WHAT YOU NEED TO DO → The full set of entries is to be printed exactly, with pictures excluded.

══ AVAILABLE DATA

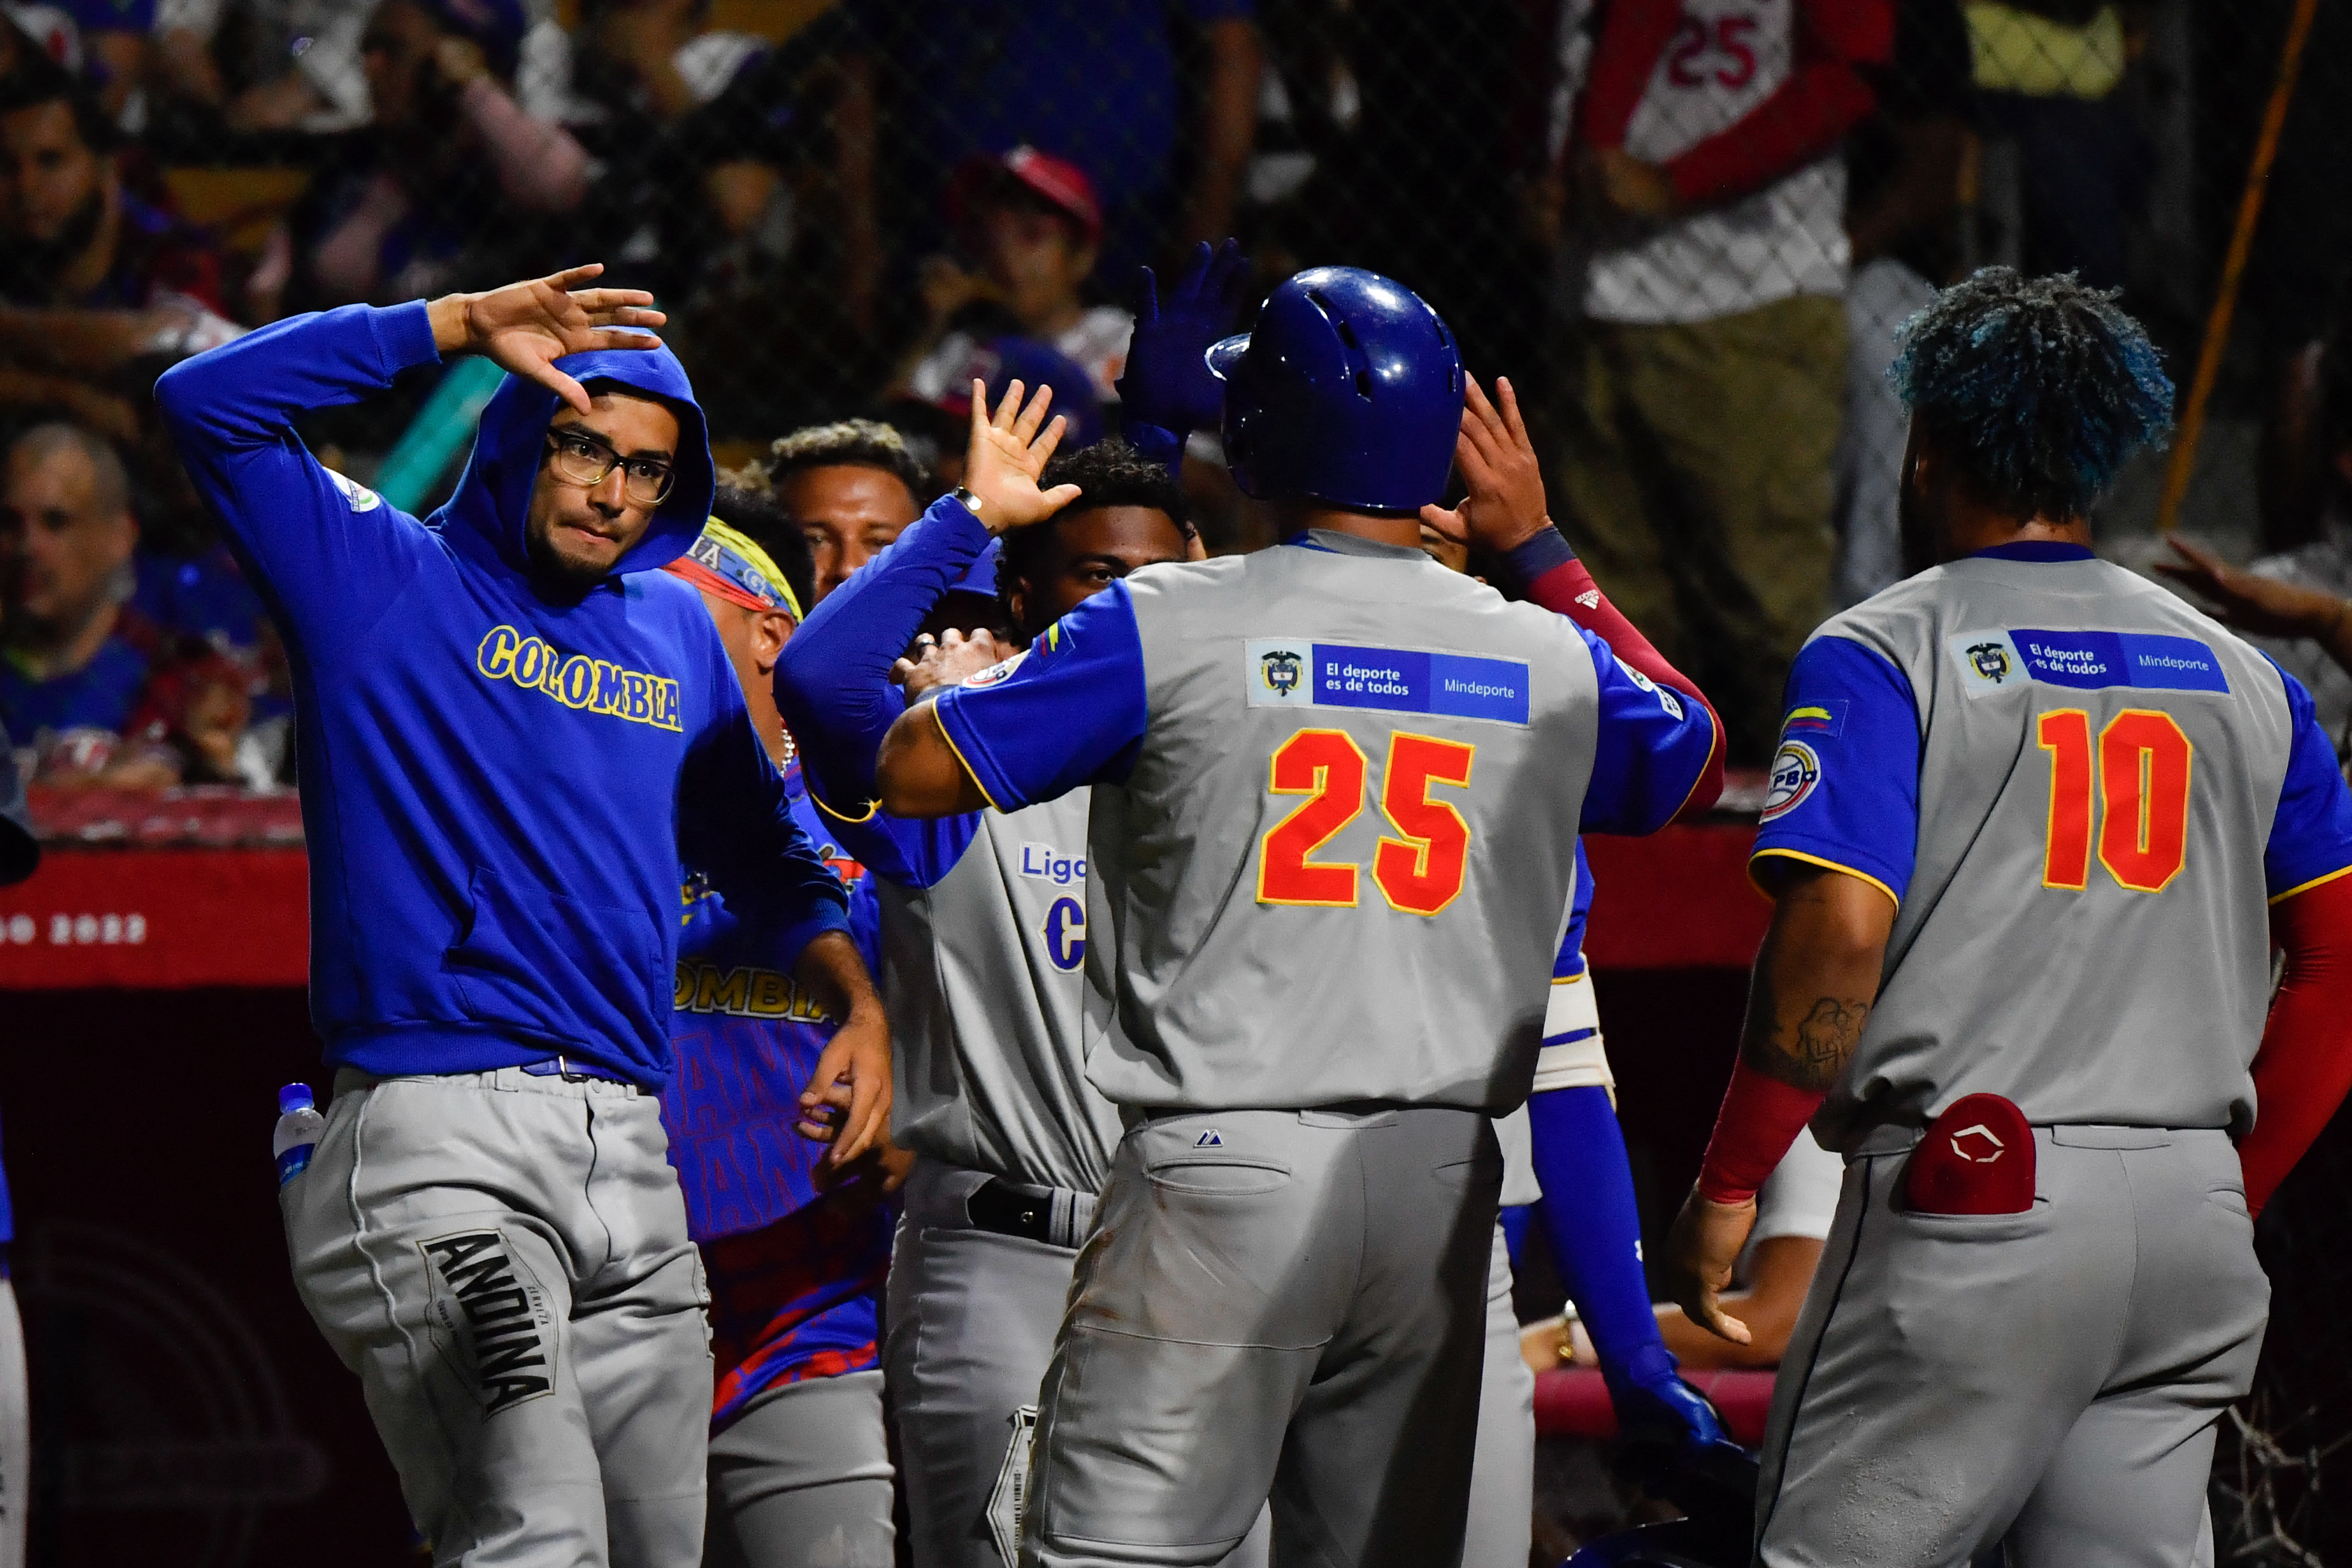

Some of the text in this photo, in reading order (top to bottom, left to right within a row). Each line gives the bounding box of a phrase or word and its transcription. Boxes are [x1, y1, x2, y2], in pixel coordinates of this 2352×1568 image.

[1668, 14, 1756, 86] 25
[2030, 643, 2094, 662] El deporte
[2139, 654, 2210, 671] Mindeporte
[1326, 662, 1400, 682] El deporte
[2036, 658, 2106, 675] es de todos
[477, 625, 683, 733] COLOMBIA
[1326, 678, 1409, 695] es de todos
[1445, 678, 1515, 699] Mindeporte
[2037, 707, 2193, 894] 10
[1256, 727, 1476, 917] 25
[424, 1233, 550, 1414] ANDINA

════

RESULT OF THIS TASK →
Some of the text in this photo, in reading order (top to bottom, left to right within a row). Each line gives the bounding box of a phrase or word and its transcription. Boxes are [x1, y1, x2, y2], in pixel coordinates of this 2352×1568 image.

[1668, 14, 1756, 86] 25
[2030, 643, 2094, 662] El deporte
[2139, 654, 2210, 671] Mindeporte
[1326, 662, 1400, 682] El deporte
[2036, 658, 2106, 675] es de todos
[477, 625, 683, 733] COLOMBIA
[1326, 678, 1409, 695] es de todos
[1445, 678, 1515, 699] Mindeporte
[2037, 707, 2193, 894] 10
[1256, 727, 1476, 917] 25
[424, 1233, 550, 1414] ANDINA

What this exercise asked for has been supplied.